Retirement Plan: C&F Bank maintains a non-contributory, defined benefit pension plan for eligible full-time employees as specified by the plan. Plan assets, which consist primarily of mutual funds invested in marketable equity securities and corporate and government fixed income securities, are measured at fair value. The projected benefit obligation and net periodic pension cost or income are actuarially determined using a number of key assumptions, which may include discount rates, rates of return on plan assets, employee compensation and mortality and interest crediting rates. Changes in these assumptions in the future, if any, or in the method under which benefits are calculated may affect the projected benefit obligation in the year of the change, and may affect net periodic pension cost or income in the year of the change or in future periods.
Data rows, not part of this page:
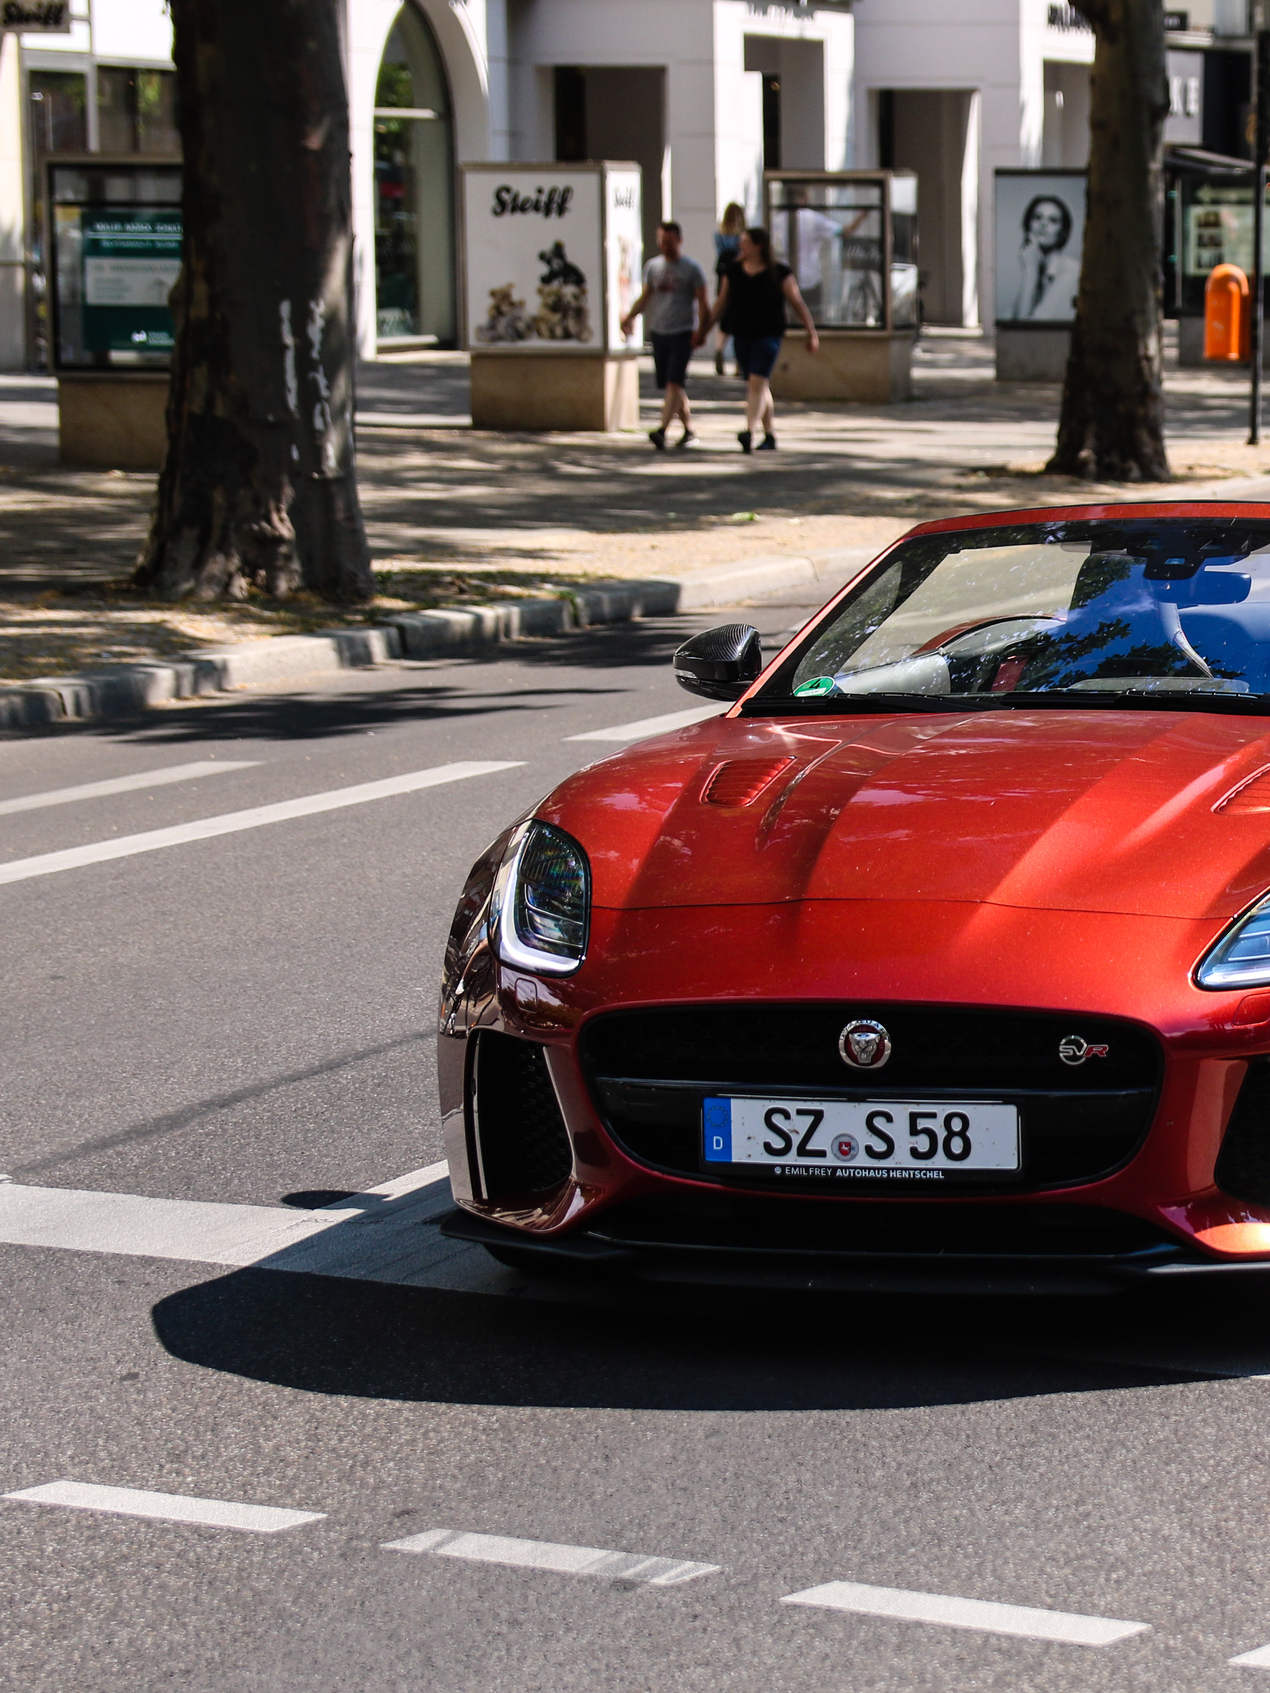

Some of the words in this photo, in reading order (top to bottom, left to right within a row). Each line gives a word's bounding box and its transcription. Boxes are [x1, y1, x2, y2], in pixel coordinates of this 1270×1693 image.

[492, 184, 573, 218] Steiff
[809, 678, 821, 689] 4
[1059, 1040, 1109, 1060] SVR
[713, 1136, 723, 1150] D
[763, 1106, 827, 1158] SZ
[864, 1109, 896, 1160] S
[909, 1110, 972, 1161] 58
[785, 1166, 808, 1176] EMIL
[808, 1167, 832, 1176] FREY
[836, 1168, 888, 1178] AUTOHAUS
[889, 1169, 945, 1179] HENTSCHEL
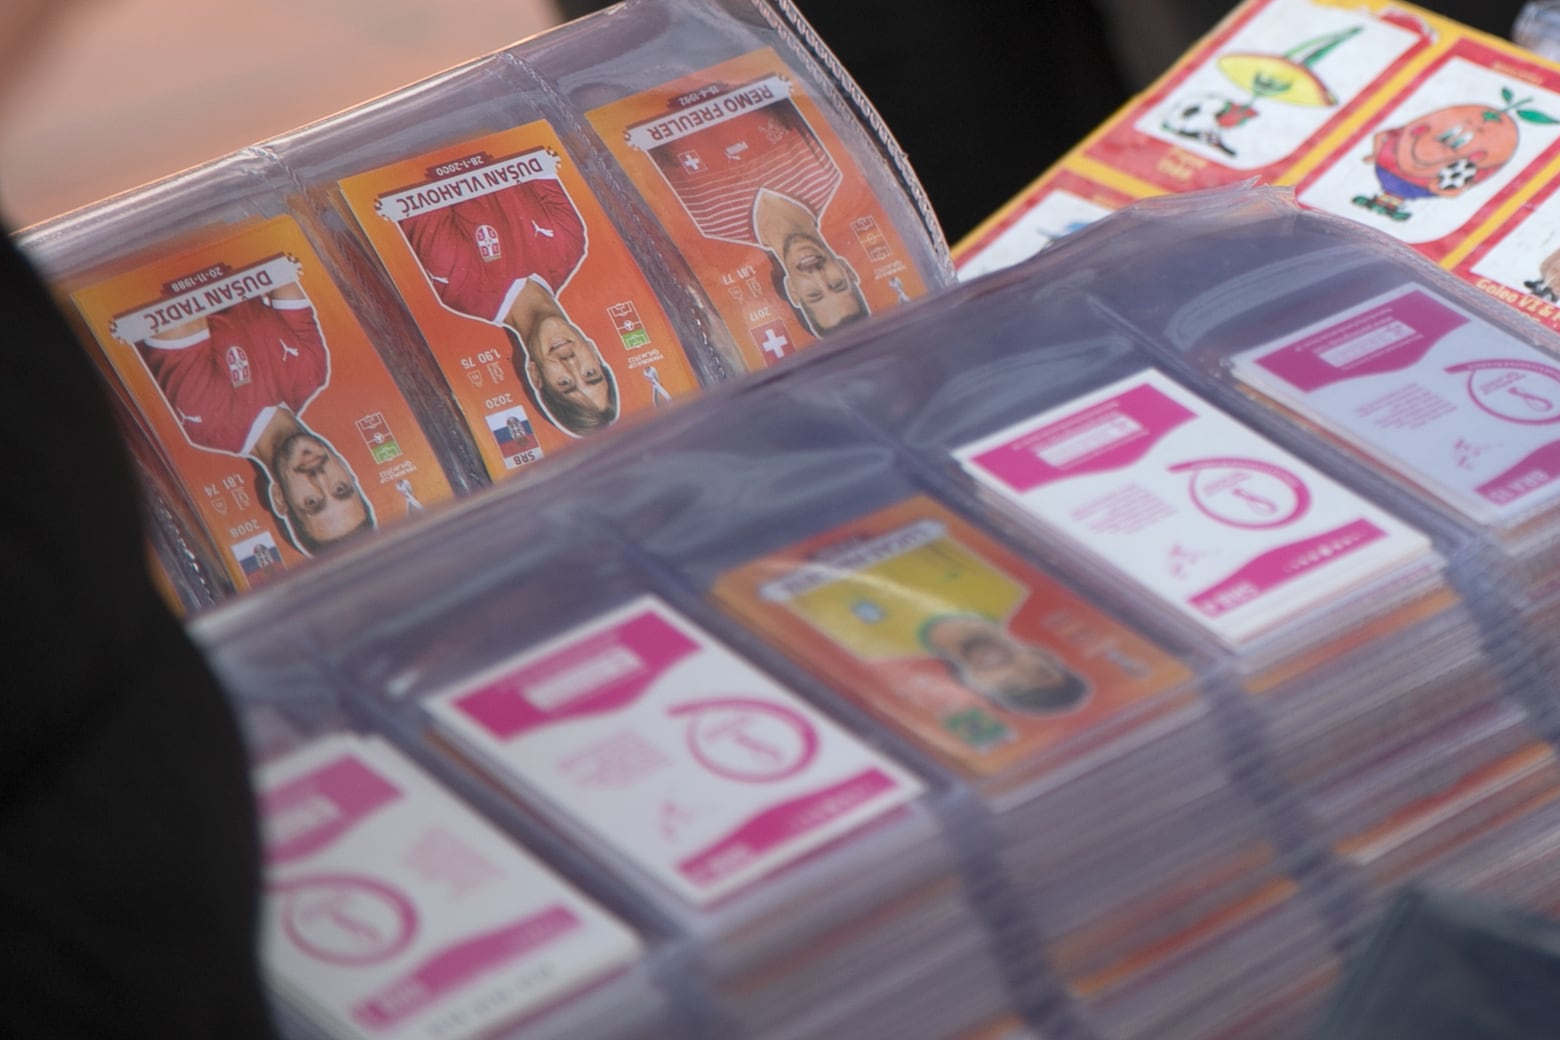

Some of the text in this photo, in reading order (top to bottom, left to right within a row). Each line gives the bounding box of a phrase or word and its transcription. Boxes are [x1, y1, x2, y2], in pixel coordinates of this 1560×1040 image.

[650, 84, 774, 141] REMO FREULER
[436, 155, 484, 176] 28-1-2000
[396, 157, 543, 214] DUŠAN VLAHOVIĆ
[143, 270, 273, 333] DUŠAN TADIĆ
[1475, 278, 1517, 303] Goleo
[486, 392, 513, 409] 2020
[513, 450, 536, 466] SRB
[229, 518, 261, 539] 2008
Derivative Financial Instruments: The Corporation uses derivatives primarily to manage risk associated with changing interest rates and to assist customers with their risk management objectives. The Corporation’s derivative financial instruments may include (1) interest rate lock commitments (IRLCs) on mortgage loans that will be held for sale and the related forward sales commitments, (2) interest rate swaps with certain qualifying commercial loan customers and dealer counterparties and (3) interest rate swaps that qualify and are designated as cash flow hedges of the Corporation’s trust preferred capital notes. The Corporation recognizes derivative financial instruments at fair value as either an other asset or other liability in the Consolidated Balance Sheets. Because the IRLCs, forward sales commitments and interest rate swaps with loan customers and dealer counterparties are not designated as hedging instruments, adjustments to reflect unrealized gains and losses resulting from changes in fair value of these instruments are reported in the Consolidated Statements of Income. The gains or losses on the Corporation’s cash flow hedges are reported as a component of other comprehensive income, net of deferred income taxes, and are reclassified into earnings in the same period or periods
during which the hedged transactions affect earnings. For more information see the section titled “Off-Balance-Sheet Arrangements” within Item 7.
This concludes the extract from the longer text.